Carrier transport and bandgap shift in n-type degenerate ZnO thin films: The effect of band edge nonparabolicity

• Published in: Physica. B, Condensed matter Vol. 407; no. 23; pp. 4512 - 4517
• Main Authors: Abdolahzadeh Ziabari, A., Rozati, S.M.
• Format: Journal Article
• Language: English
• Published: Kidlington Elsevier B.V 01.12.2012; Elsevier
• Subjects: Band theory; Bandgap shift; Bursting; Carrier transport; Charge carriers; Condensed matter; Condensed matter: electronic structure, electrical, magnetic, and optical properties; Degenerate thin film; Effective mass; Electrical properties of specific thin films; Electronic structure and electrical properties of surfaces, interfaces, thin films and low-dimensional structures; Exact sciences and technology; Ii-vi semiconductors; Mobility; Nonparabolicity; Optical properties; Physics; Thin films; Zinc oxide; ZnO; Mobility; Bandgap shift; ZnO; Degenerate thin film; Effective mass; Nonparabolicity; Doping; Heavily doped semiconductors; Hall effect; Spectral line shift; Burstein Moss effect; Thin films; Energy gap; Degenerate semiconductor; Zinc oxide; Carrier mobility; Carrier density
• ISSN: 0921-4526; 1873-2135
• DOI: 10.1016/j.physb.2012.08.024

Contribution of band edge nonparabolicity to the charge carrier transport in degenerate n-type zinc oxide thin films has been investigated theoretically in order to understand the fundamental aspects of electron scattering in such thin films regardless of precise details of the preparation procedure. To conduct this, the theoretical evaluated results have been compared to the experimental values taken from literatures.
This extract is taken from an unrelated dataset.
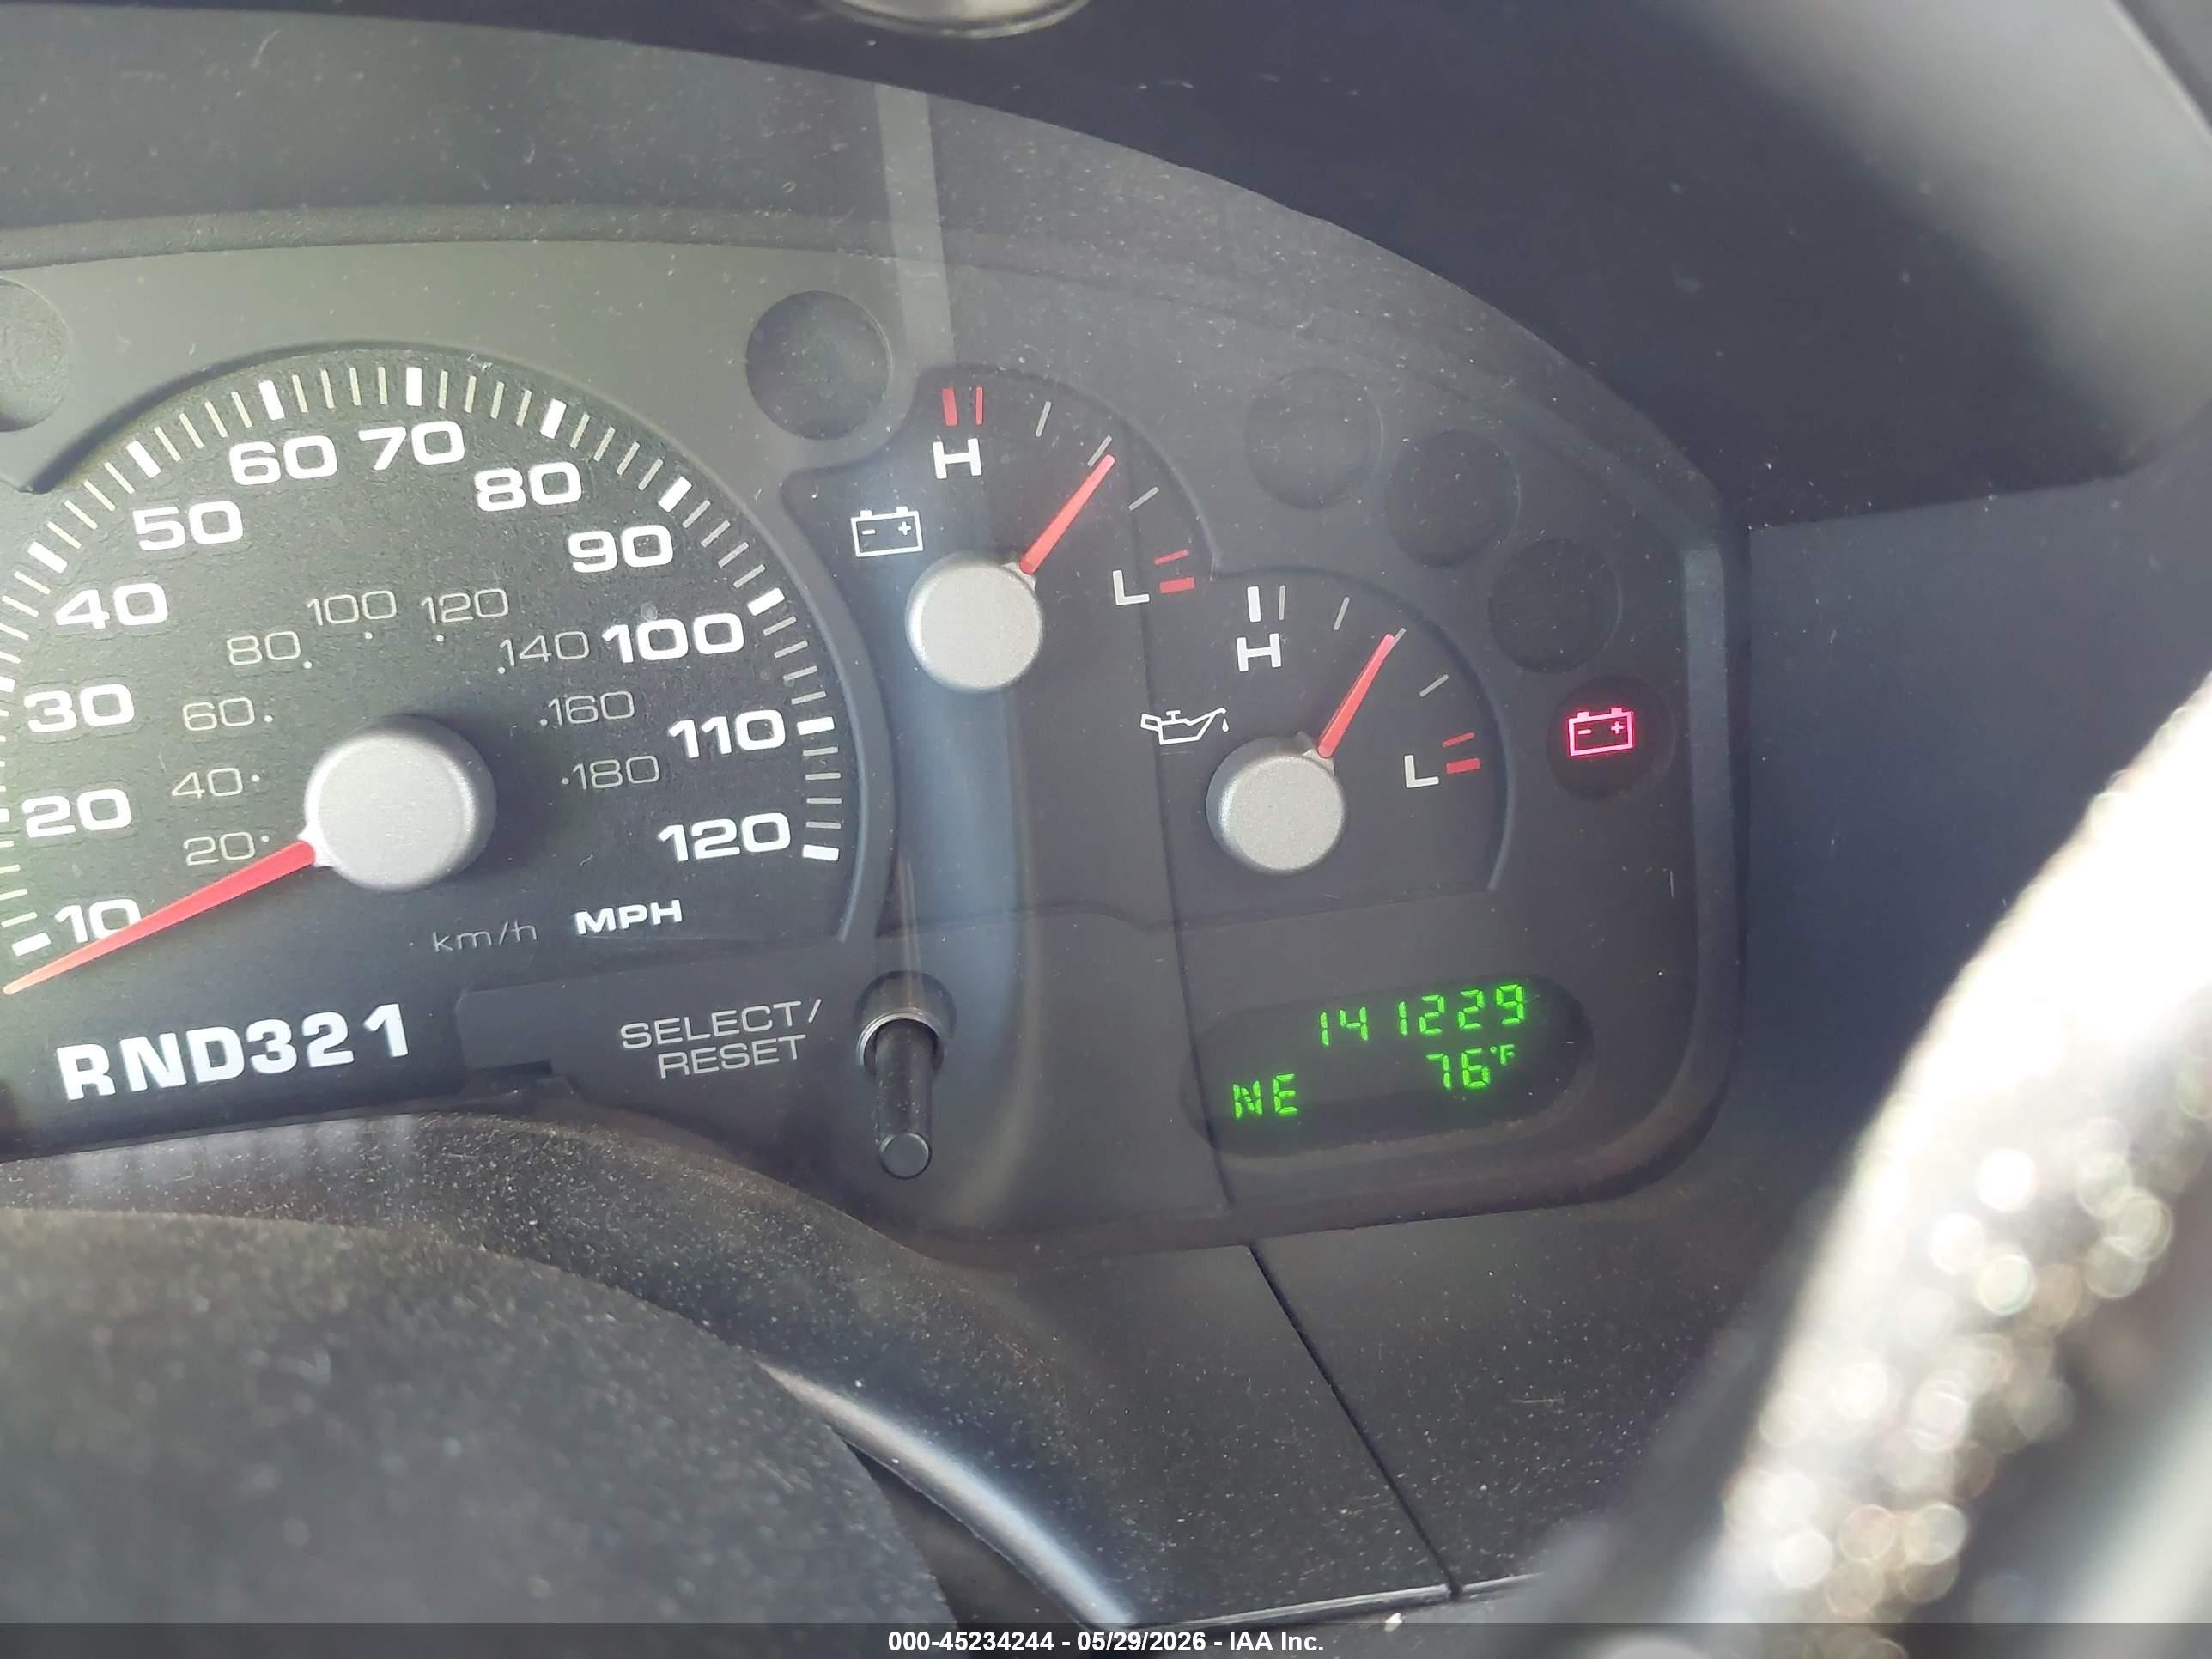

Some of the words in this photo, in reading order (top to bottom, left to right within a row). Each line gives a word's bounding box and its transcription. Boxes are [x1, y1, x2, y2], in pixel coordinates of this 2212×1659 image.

The results indicate that the nonparabolicity (introducing through effective mass of charge carriers) has a strong effect on the total mobility of carriers in zinc oxide films so that a satisfactory agreement with experimental data is fulfilled. The dependence of nonparabolicity on bandgap shift is also discussed. Studying the optoelectronic properties of numerous moderately and heavily doped samples revealed that their optical bandgap has lower blueshift than the theoretical value obtained from the well-known Burstein–Moss effect. So, the observed bandgap shift was dependent on the carrier concentration and the total shift of bandgap was evaluated by combining the Burstein–Moss and bandgap narrowing effects. Two different cases were also examined; parabolic and nonparabolic (modified) Burstein–Moss effects. The results show that the modified Burstein–Moss effect leads to great agreement with experimental data.